## EXERCISE OBJECTIVE
Give the listing back in full, exactly as written, with the pictures removed.

## ENTRIES SUPPLIED
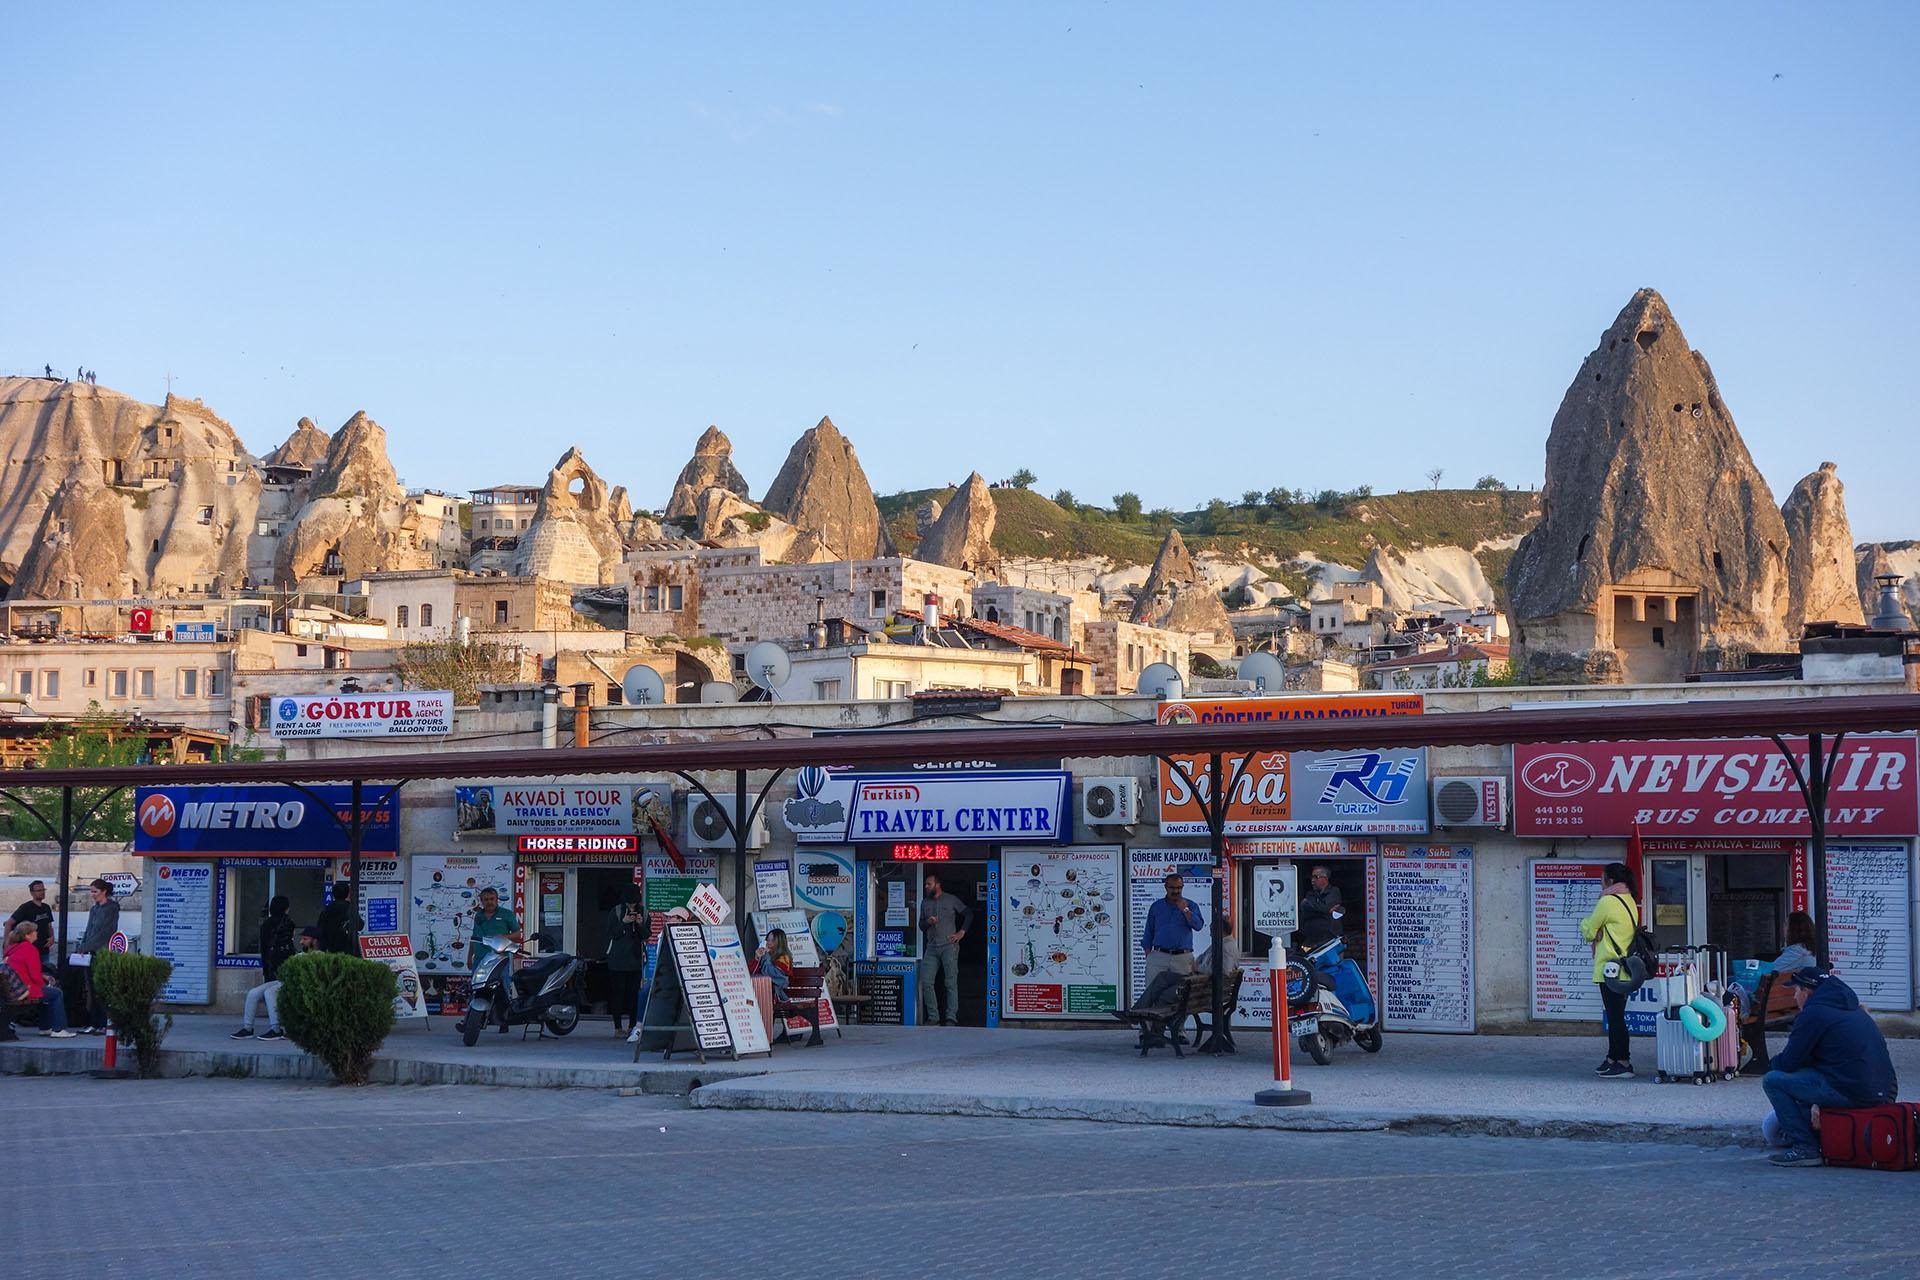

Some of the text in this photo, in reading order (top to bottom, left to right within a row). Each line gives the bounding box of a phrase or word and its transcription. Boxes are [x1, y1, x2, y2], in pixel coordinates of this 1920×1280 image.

[306, 698, 412, 720] GÖRTUR
[504, 787, 621, 806] AKVADİ TOUR
[862, 789, 911, 801] Turkish
[1487, 782, 1496, 821] VESTEL
[180, 801, 305, 829] METRO
[515, 808, 611, 817] TRAVEL AGENCY
[1634, 808, 1699, 824] BUS
[860, 807, 1051, 832] TRAVEL CENTER
[1248, 823, 1287, 832] ELBİSTAN
[1335, 822, 1362, 832] BİRLİK
[527, 839, 626, 849] HORSE RIDING
[1231, 842, 1259, 854] DIRECT
[1260, 838, 1296, 854] FETHİYE
[1304, 842, 1343, 853] ANTALYA
[1642, 840, 1687, 849] FETHİYE
[1696, 840, 1742, 849] ANTALYA
[1384, 847, 1405, 856] Süha
[1428, 848, 1450, 857] Süha
[519, 854, 638, 863] BALLOON FLIGHT RESERVATION
[1132, 852, 1208, 862] GÖREME KAPADOKYA
[690, 859, 715, 868] TOUR
[172, 869, 209, 878] METRO
[1132, 864, 1160, 877] Süha
[806, 886, 835, 896] POINT
[692, 896, 703, 908] ATV
[703, 892, 715, 909] RENT
[368, 936, 401, 946] CHANGE
[365, 947, 409, 957] EXCHANGE

## ANSWER FOR THIS EXERCISE
Some of the text in this photo, in reading order (top to bottom, left to right within a row). Each line gives the bounding box of a phrase or word and its transcription. Boxes are [x1, y1, x2, y2], in pixel coordinates of this 1920×1280 image.

[306, 698, 412, 720] GÖRTUR
[504, 787, 621, 806] AKVADİ TOUR
[862, 789, 911, 801] Turkish
[1487, 782, 1496, 821] VESTEL
[180, 801, 305, 829] METRO
[515, 808, 611, 817] TRAVEL AGENCY
[1634, 808, 1699, 824] BUS
[860, 807, 1051, 832] TRAVEL CENTER
[1248, 823, 1287, 832] ELBİSTAN
[1335, 822, 1362, 832] BİRLİK
[527, 839, 626, 849] HORSE RIDING
[1231, 842, 1259, 854] DIRECT
[1260, 838, 1296, 854] FETHİYE
[1304, 842, 1343, 853] ANTALYA
[1642, 840, 1687, 849] FETHİYE
[1696, 840, 1742, 849] ANTALYA
[1384, 847, 1405, 856] Süha
[1428, 848, 1450, 857] Süha
[519, 854, 638, 863] BALLOON FLIGHT RESERVATION
[1132, 852, 1208, 862] GÖREME KAPADOKYA
[690, 859, 715, 868] TOUR
[172, 869, 209, 878] METRO
[1132, 864, 1160, 877] Süha
[806, 886, 835, 896] POINT
[692, 896, 703, 908] ATV
[703, 892, 715, 909] RENT
[368, 936, 401, 946] CHANGE
[365, 947, 409, 957] EXCHANGE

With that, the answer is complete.